Background: Apolipoprotein E (ApoE) promoted neutrophilic airway inflammation in mice with allergic asthma. Although group 2 innate lymphoid cells (ILC2s) have been established as pivotal mediators in allergic rhinitis (AR) pathogenesis, endogenous mechanisms regulating their hyperactivity are undefined. Whether ApoE has effects in ILC2s in AR is still unknown.

Objective: The aim of this investigation is to identify the crucial function of the suppressor modulator ApoE in regulating ILC2-mediated allergic airway inflammation.

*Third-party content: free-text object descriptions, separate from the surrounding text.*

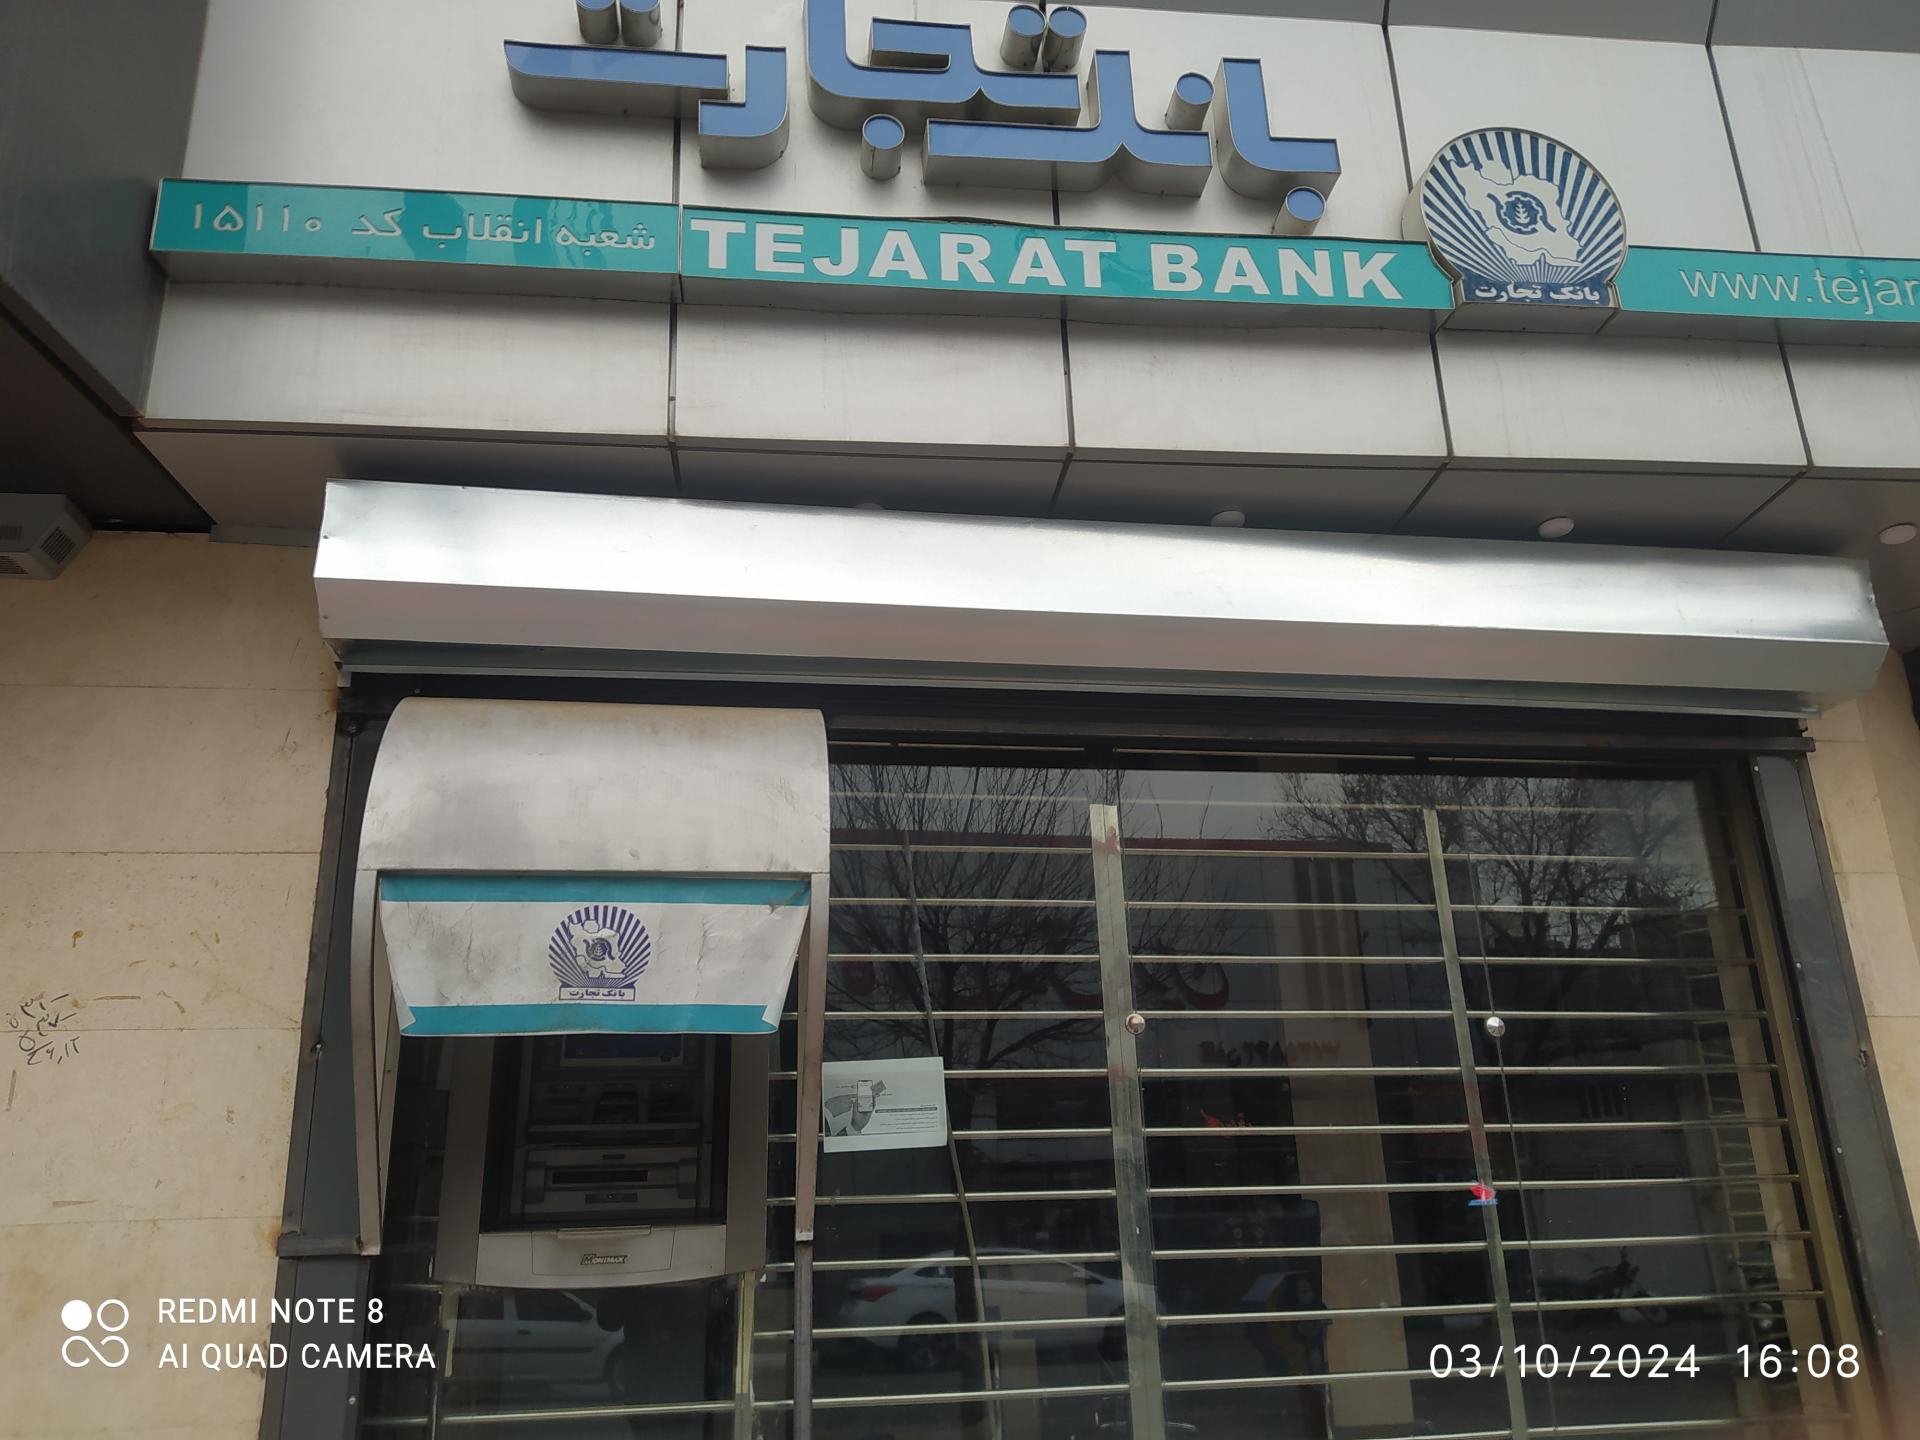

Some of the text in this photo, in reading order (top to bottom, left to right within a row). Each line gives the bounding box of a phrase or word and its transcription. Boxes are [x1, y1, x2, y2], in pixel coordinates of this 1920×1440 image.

[920, 48, 1342, 228] بانک
[350, 207, 403, 237] کد
[422, 214, 543, 251] انقلاب
[555, 222, 656, 257] شعبه
[691, 218, 1403, 300] TEJARAT BANK
[1475, 281, 1600, 304] بانک تجارت

Methods: A cohort comprising 15 pediatric AR patients and matched healthy controls was enrolled to assess serum ApoE messenger RNA (mRNA) expression and protein levels and their relationship with interleukin (IL)-5, IL-13 and total nasal symptoms scores (TNSS). In vitro experiments employing flow cytometry and enzyme-linked immunosorbent assay (ELISA) validated the regulatory effects of ApoE on ILC2s expansion capacity and cytokine secretion. Transcript levels of GATA binding protein 3 (GATA3) and retinoid acid receptor related orphan receptor alpha (RORα) was examined using quantitative reverse transcription polymerase chain reaction (qRT-RCR). The changes of IL-25, IL-33 and thymic stromal lymphopoietin (TSLP) levels after stimulation of human nasal epithelial cells (HNECs) by Dermatophagoides pteronyssinus (Der p), ApoE and anti-Low-Density Lipoprotein Receptor (LDLR) were determined by ELISA. The effects of ApoE and anti-LDLR in vivo were using the ovalbumin (OVA)-induced murine model.

Results: Clinical analyses indicated elevated serum ApoE mRNA and protein levels in AR patients, positively correlating with TNSS. Recombinant ApoE effectively promoted ILC2 activation in PBMCs from AR patients, inducing GATA3 and RORα expression and IL-5, IL-13 secretion, while these effects of ApoE were eliminated by anti-LDLR. Mechanistically, ApoE augmented the epithelial-ILC2 crosstalk by inducing nasal epithelial TSLP/IL-25/IL-33 release. Additionally, our studies have revealed that the anti-LDLR effectively reversed the effects of ApoE on those cytokine production. In vivo, administering anti-LDLR to AR mice effectively alleviates OVA and ApoE induced allergic airway inflammation, reducing eosinophilic infiltration and nasal symptoms, as well as OVA specific immunoglobulin E (IgE) and ILC2 proliferation.

Conclusions: As our findings demonstrate, targeting the ApoE-LDLR axis has considerable therapeutic promise in treating ILC2-dependent allergic airway inflammation.